# Records shown:
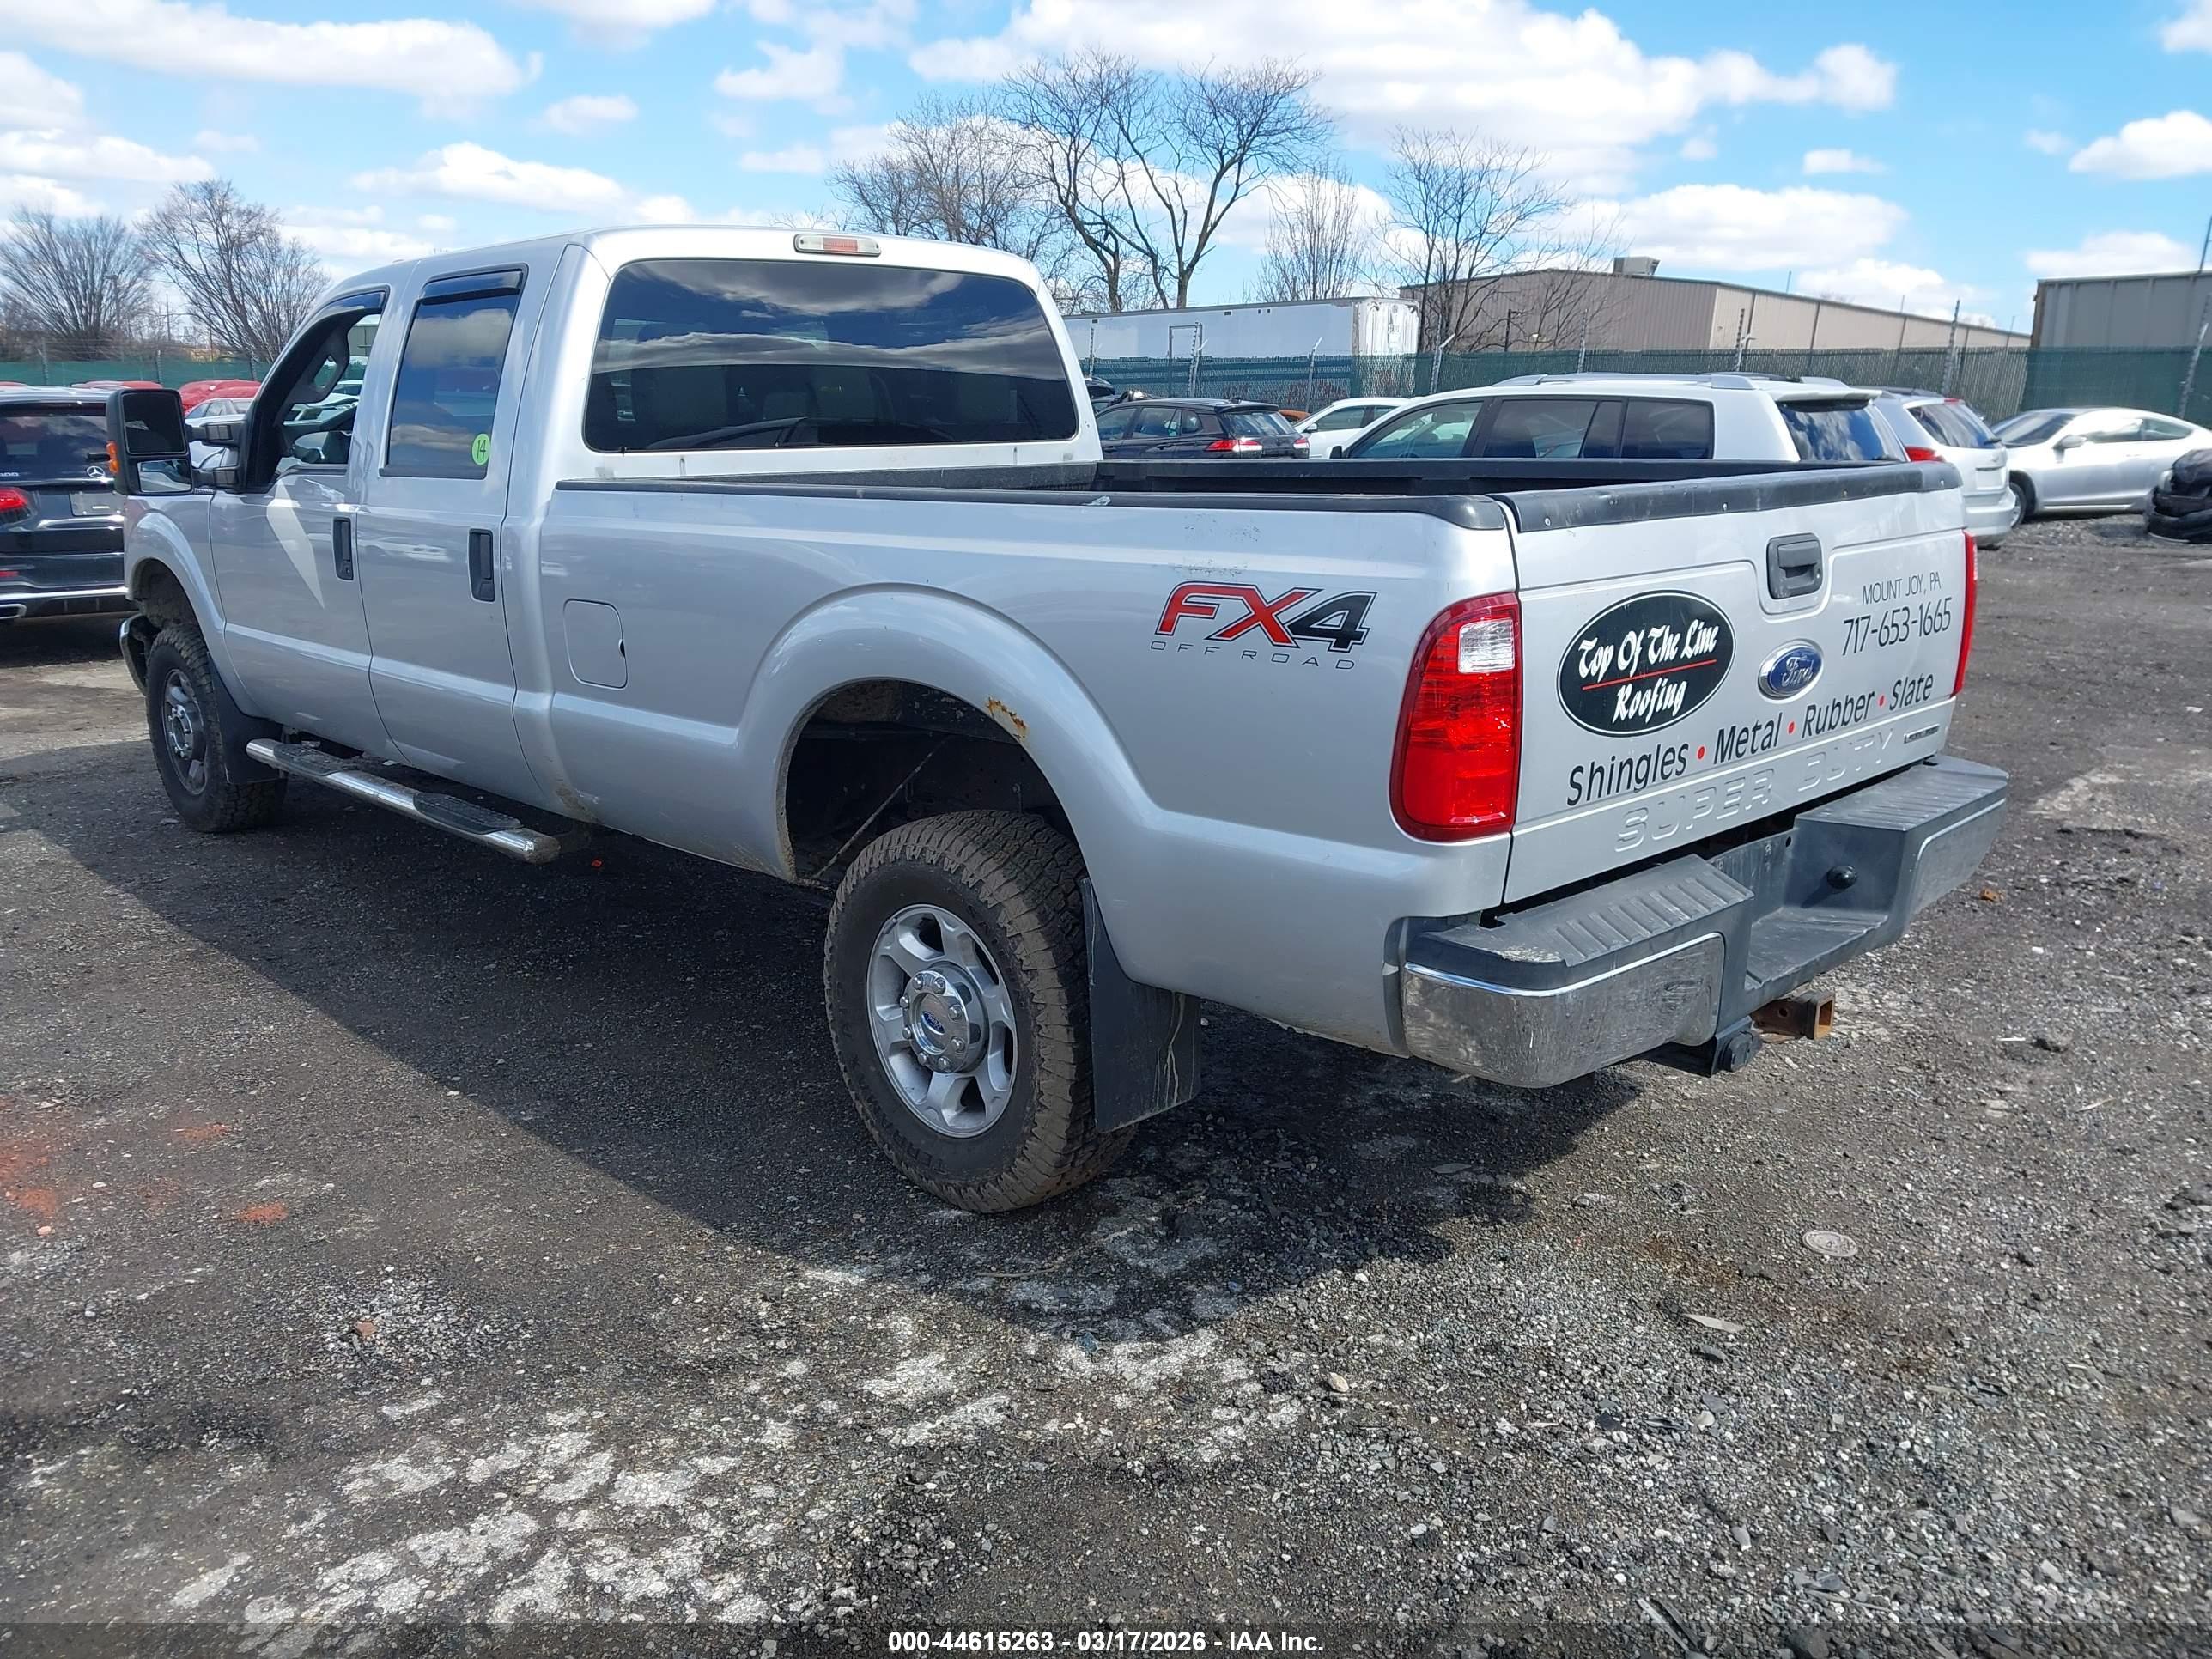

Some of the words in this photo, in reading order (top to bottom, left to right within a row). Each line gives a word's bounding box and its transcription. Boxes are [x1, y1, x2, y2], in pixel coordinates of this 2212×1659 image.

[477, 439, 486, 459] 14
[1863, 579, 1902, 605] MOUNT
[1905, 575, 1926, 596] JOY,
[1929, 572, 1941, 591] PA
[1154, 580, 1377, 653] FX4
[1843, 598, 1952, 655] 717-653-1665
[1150, 641, 1220, 655] OFF
[1241, 649, 1355, 670] ROAD
[1578, 637, 1614, 683] Top
[1617, 629, 1645, 678] Of
[1647, 624, 1680, 665] The
[1680, 619, 1719, 659] Line
[1781, 656, 1814, 686] Ford
[1612, 678, 1687, 724] Roofing
[1567, 744, 1688, 806] Shingles
[1714, 713, 1782, 764] Metal
[1802, 690, 1875, 738] Rubber
[1889, 673, 1934, 711] Slate
[1614, 768, 1775, 854] SUPER
[1798, 727, 1893, 792] DUTY
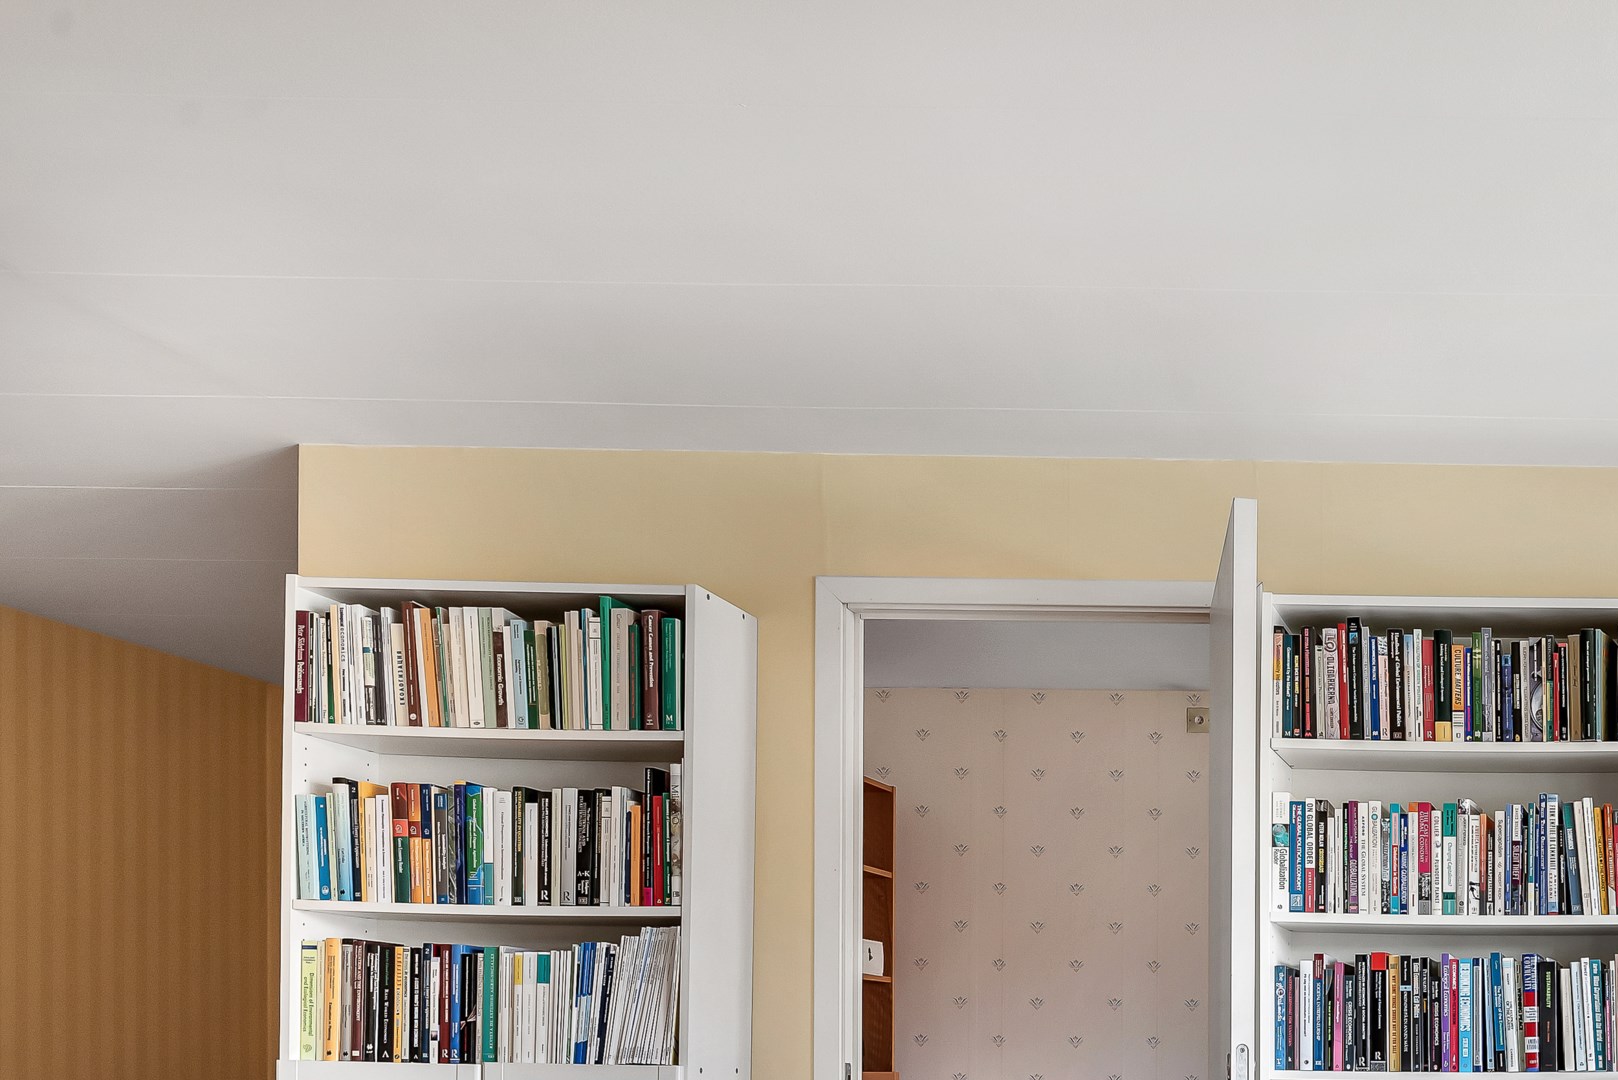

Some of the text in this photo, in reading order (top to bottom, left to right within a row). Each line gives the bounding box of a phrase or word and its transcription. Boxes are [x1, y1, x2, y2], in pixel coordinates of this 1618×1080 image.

[1327, 657, 1335, 704] OLIGARKERNA
[1307, 803, 1313, 812] ON
[1278, 849, 1288, 889] Globalization
[1460, 997, 1470, 1031] ECONOMICS
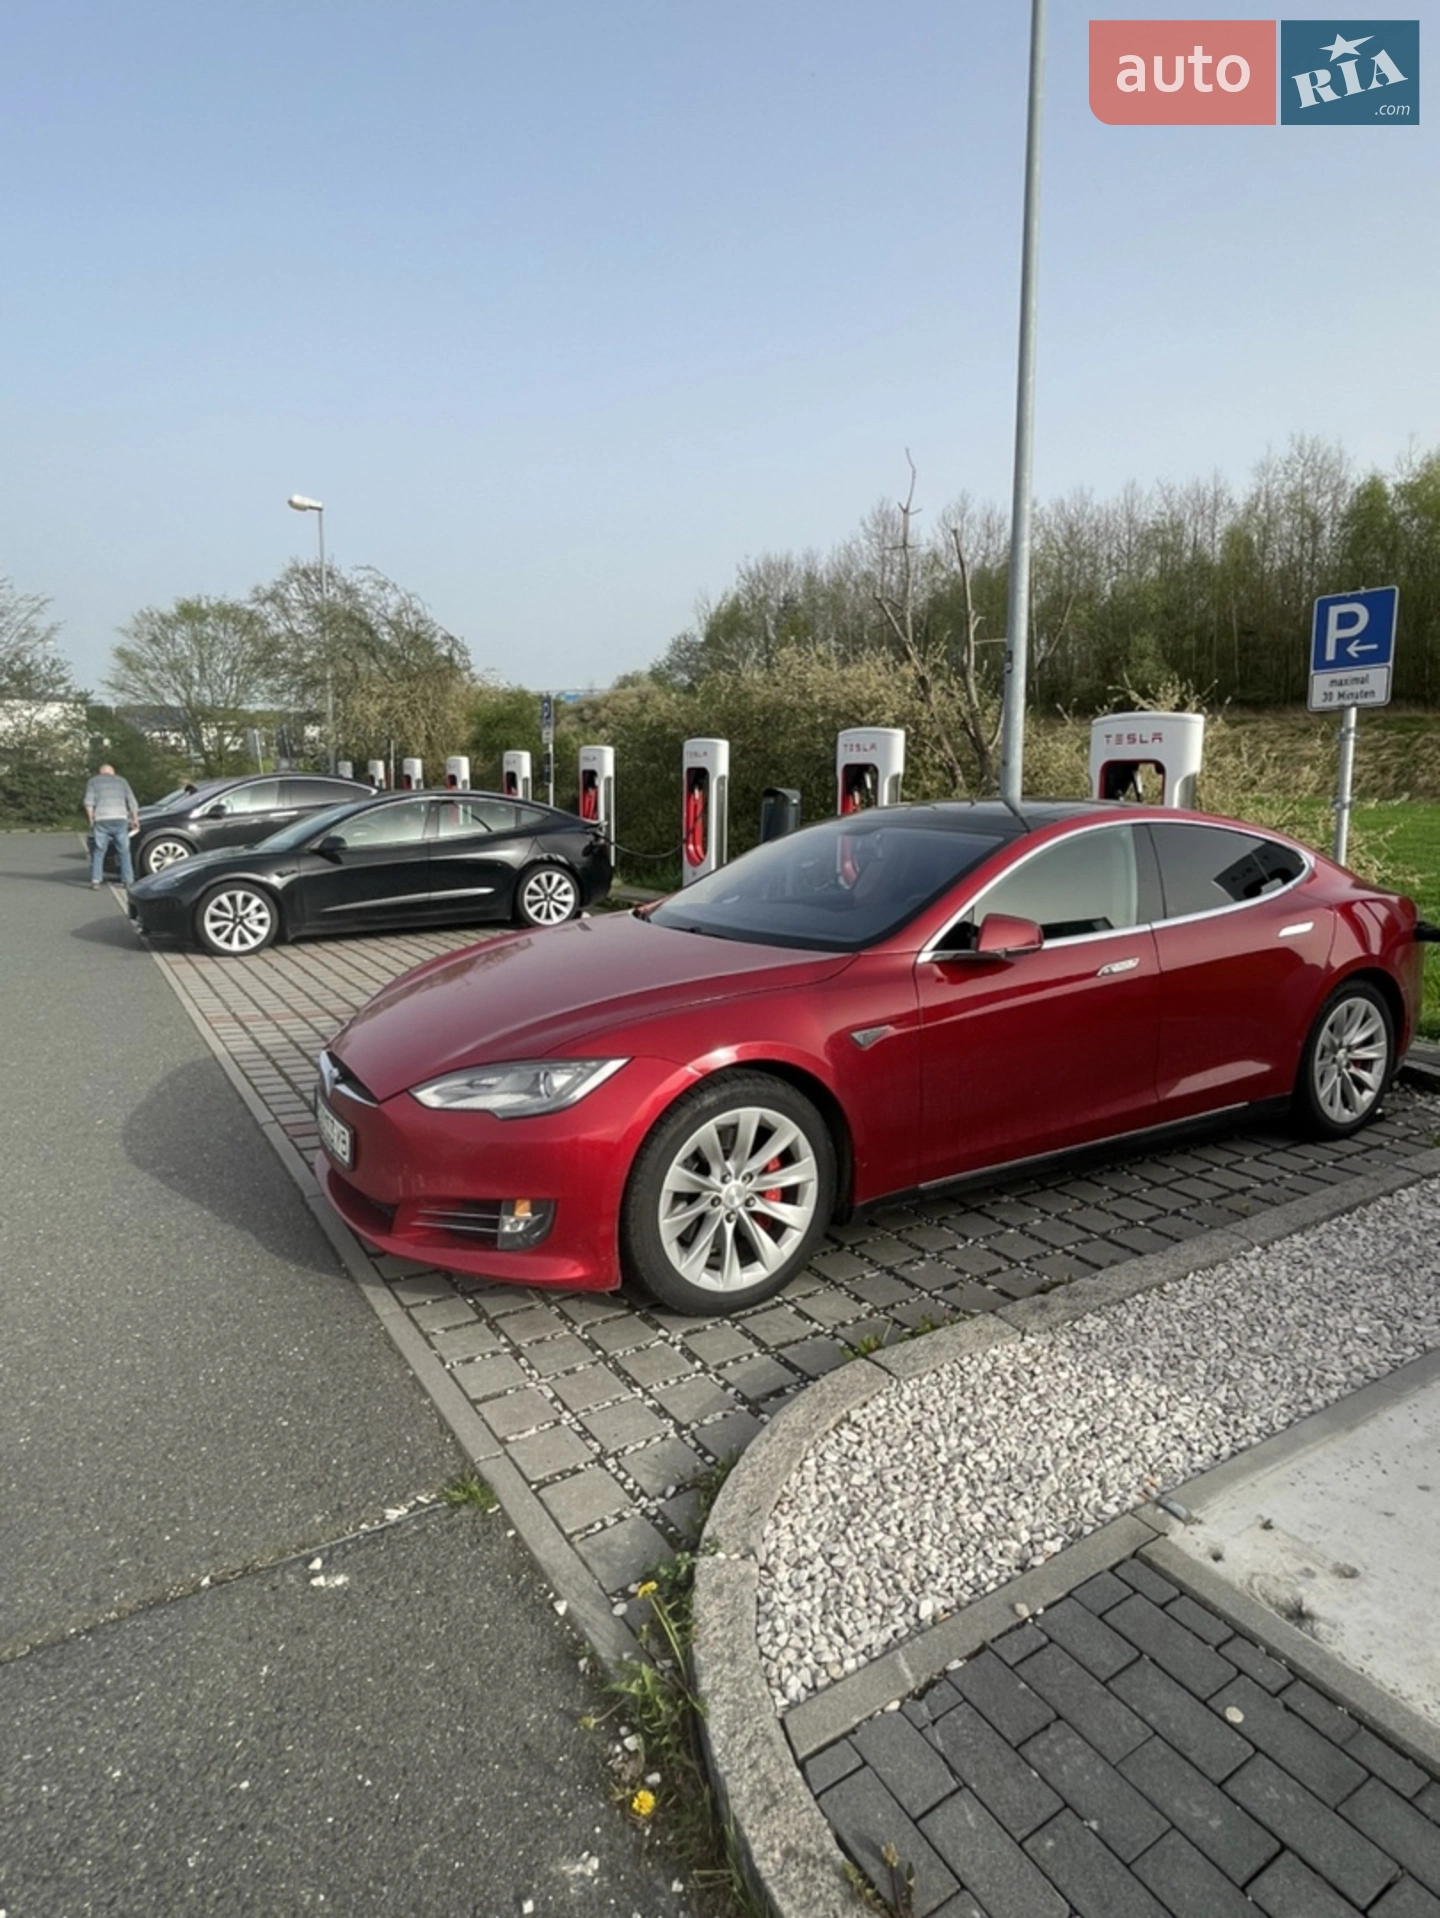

# What is being asked:
From the first line to the last, repeat the data above exactly and leave the pictures out.

# Task solution:
Some of the words in this photo, in reading order (top to bottom, left to right within a row). Each line gives a word's bounding box and its transcription. Boxes are [x1, y1, x2, y2], in pixel coordinates of this 2212×1659 image.

[477, 439, 486, 459] 14
[1863, 579, 1902, 605] MOUNT
[1905, 575, 1926, 596] JOY,
[1929, 572, 1941, 591] PA
[1154, 580, 1377, 653] FX4
[1843, 598, 1952, 655] 717-653-1665
[1150, 641, 1220, 655] OFF
[1241, 649, 1355, 670] ROAD
[1578, 637, 1614, 683] Top
[1617, 629, 1645, 678] Of
[1647, 624, 1680, 665] The
[1680, 619, 1719, 659] Line
[1781, 656, 1814, 686] Ford
[1612, 678, 1687, 724] Roofing
[1567, 744, 1688, 806] Shingles
[1714, 713, 1782, 764] Metal
[1802, 690, 1875, 738] Rubber
[1889, 673, 1934, 711] Slate
[1614, 768, 1775, 854] SUPER
[1798, 727, 1893, 792] DUTY

Some of the text in this photo, in reading order (top to bottom, left to right within a row). Each line gives the bounding box of a phrase or word and its transcription. Boxes are [x1, y1, x2, y2], in pixel coordinates of this 1618×1080 image.

[1327, 657, 1335, 704] OLIGARKERNA
[1307, 803, 1313, 812] ON
[1278, 849, 1288, 889] Globalization
[1460, 997, 1470, 1031] ECONOMICS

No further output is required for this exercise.